Londres se prepara para série de protestos por Cúpula do G20

Londres, 21 mar (EFE).- Londres se prepara para lidar com anarquistas, ecologistas e todo tipo de grupos anticapitalistas que anunciaram dois dias de protestos por ocasião da Cúpula do Grupo dos Vinte (G20, que reúne os países mais ricos e os principais emergentes), do próximo dia 2 de abril.

EFE |

A Scotland Yard já advertiu que podem acontecer violentos distúrbios em City, bairro financeiro de Londres, e enviará cerca de 2.500 agentes para que tentem controlar as centenas de manifestantes que pretendem levar seus protestos até as portas do Banco da Inglaterra (autoridade monetária).

Centenas de outros policiais se encarregarão de proteger a zona leste de Londres, onde acontecerá a cúpula de chefes de Estado e do Governo, assim como os hotéis onde se alojarem os políticos presentes e as ruas por onde terão que passar.

Os banqueiros do bairro financeiro receberam avisos para que evitem realizar reuniões durante esses dias e aumentem as precauções perante distúrbios.

Segundo o comandante da Polícia Metropolitana Bob Broadhurst, um núcleo radical de manifestantes tentará assaltar sedes bancárias e provocar todo tipo de violência no bairro financeiro da capital.

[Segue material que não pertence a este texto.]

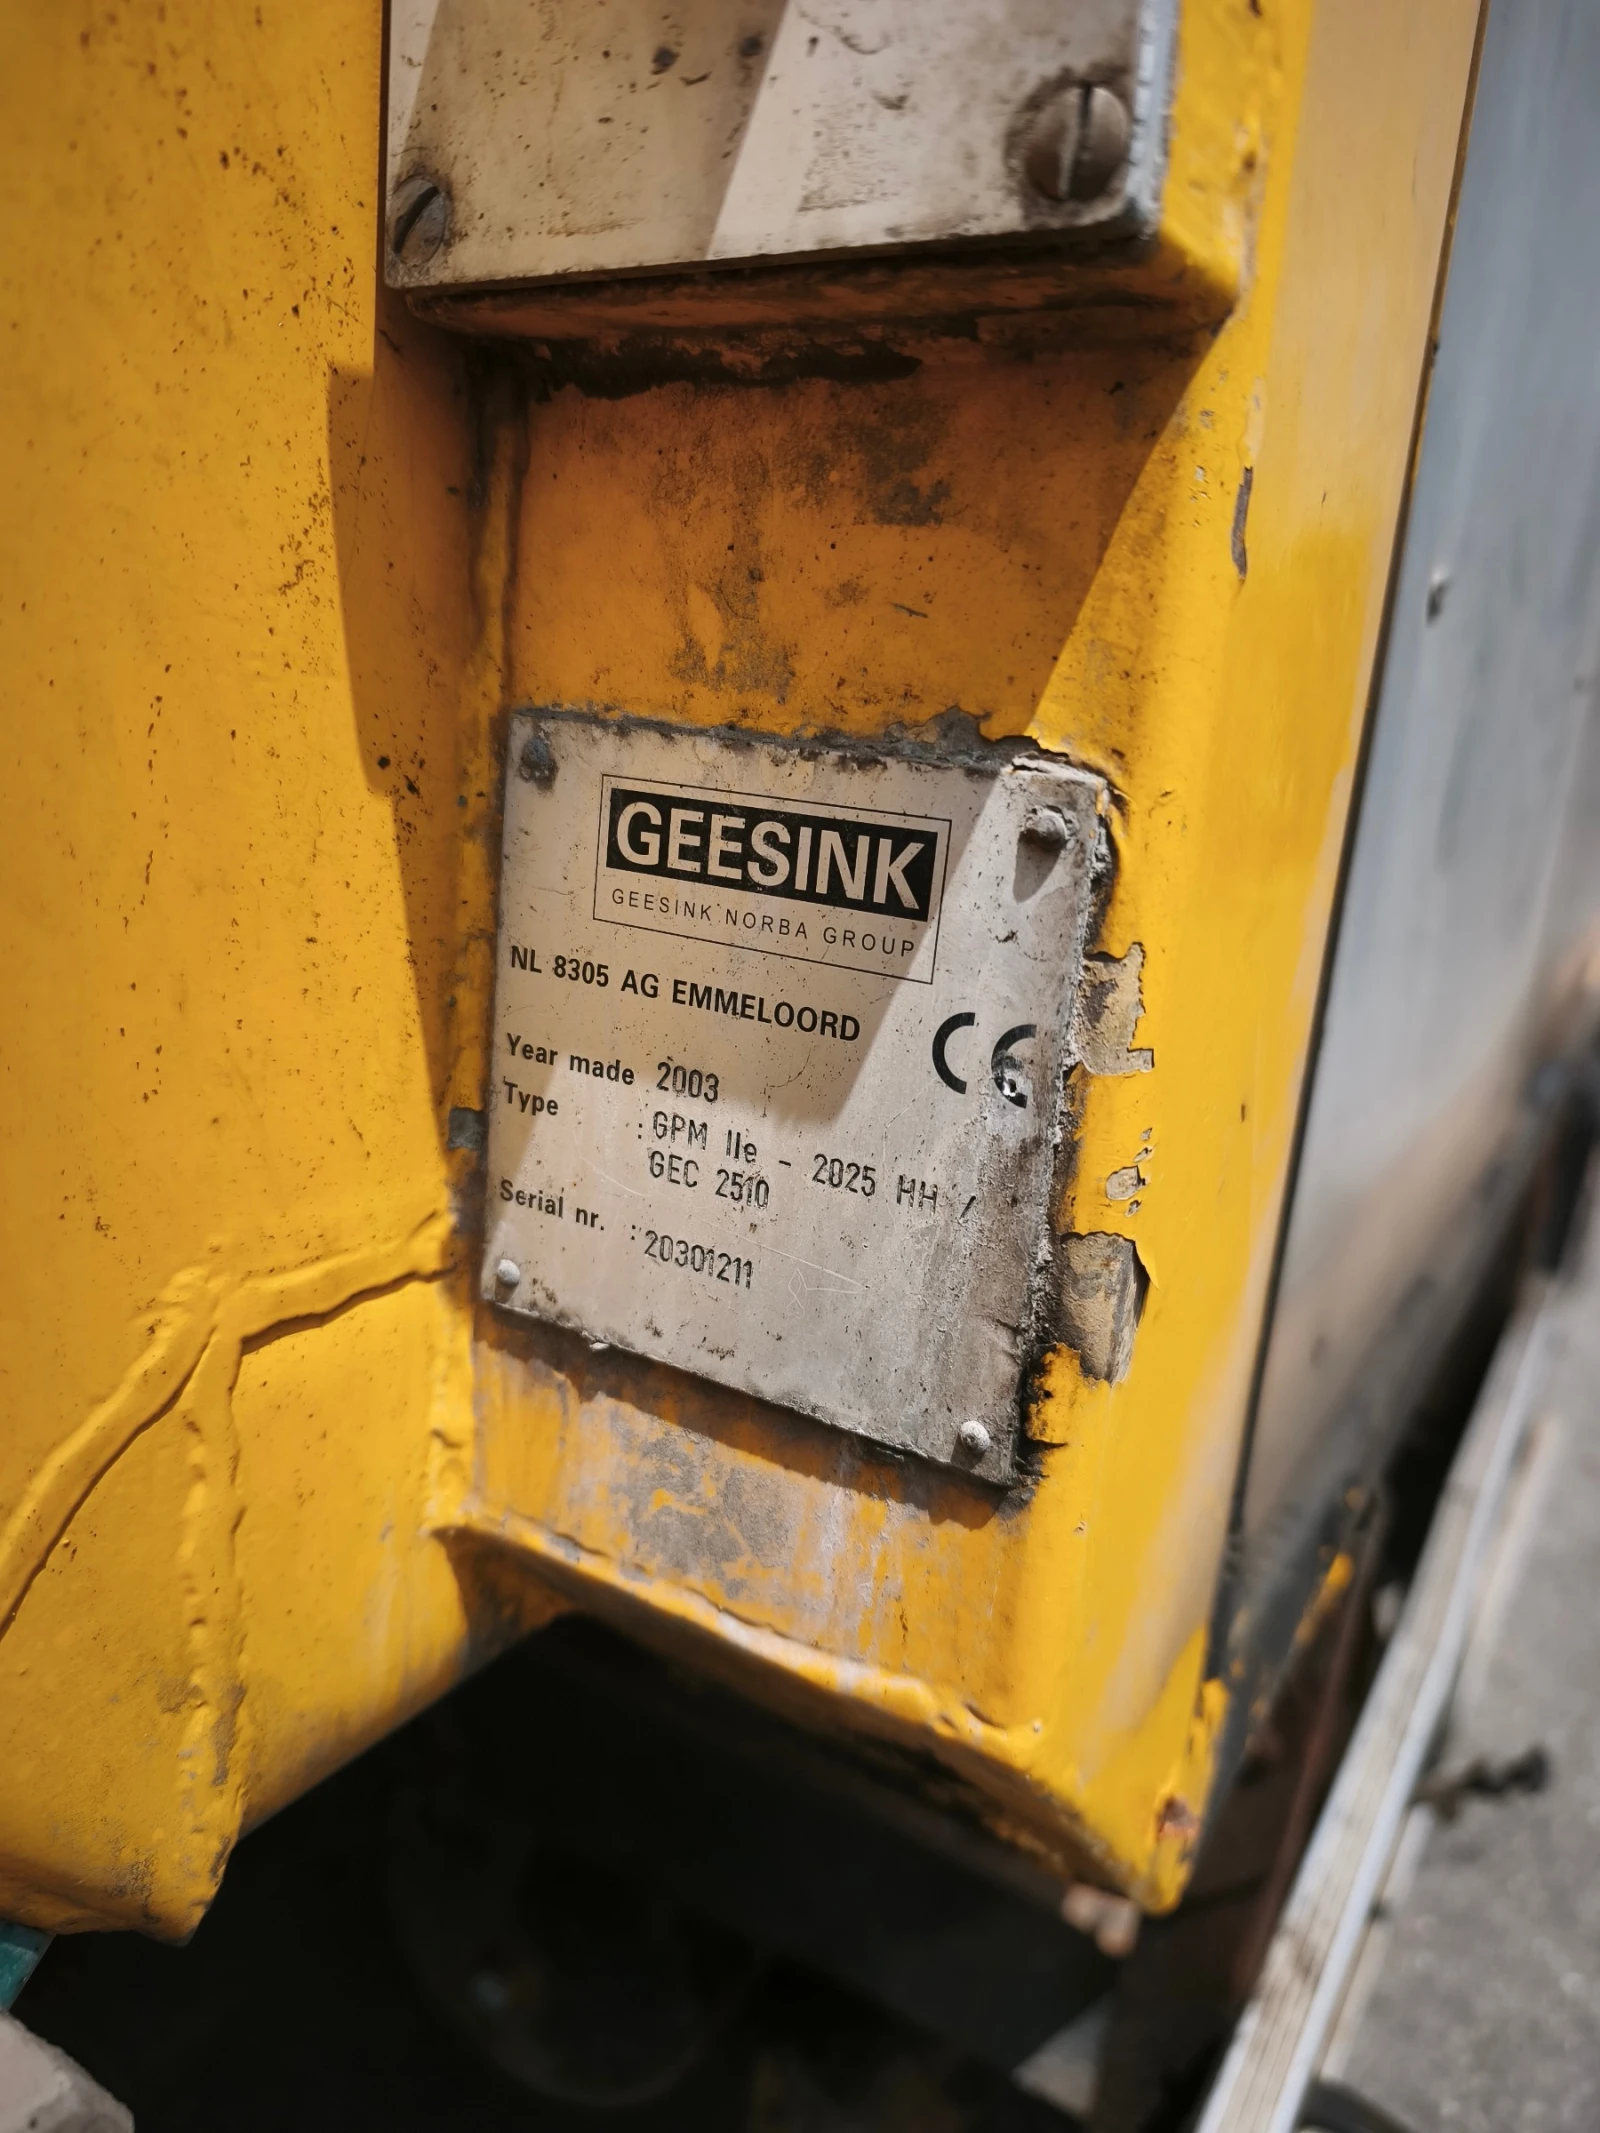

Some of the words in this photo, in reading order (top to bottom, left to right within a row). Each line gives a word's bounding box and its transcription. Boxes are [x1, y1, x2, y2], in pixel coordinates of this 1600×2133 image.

"Observamos um grande nível de preparação por parte dos grupos de protesto. Alguns, que já haviam se destacado nos anos 90, voltam agora ao primeiro plano e há uma confluência de anarquistas, ecologistas e pessoas antiglobalização", adverte.

"Há entre eles indivíduos muito inteligentes, e sua intenção, em 1º de abril, é paralisar a área de City", explica Broadhurst.

O dia 1º de abril é tradicionalmente conhecido como o Dia da Mentira em muitos países, e os manifestantes o batizaram de "Dia das Mentiras das Finanças".

Os manifestantes falam já na internet de um "Verão da Ira", com o qual querem comemorar o décimo aniversário dos protestos anticapitalistas de 18 de junho de 1999, organizados por ocasião de uma cúpula de líderes mundiais na cidade alemã de Colônia.

Os protestos, muitas vezes violentos, acompanham há já duas décadas esse tipo de reunião internacional.

O primeiro, que surpreendeu a todos, foi organizado em Seattle por ocasião da realização de uma reunião da Organização Mundial do Comércio (OMC), quando milhares de manifestantes contra a globalização provocaram desordens na cidade, que fica no litoral oeste dos EUA.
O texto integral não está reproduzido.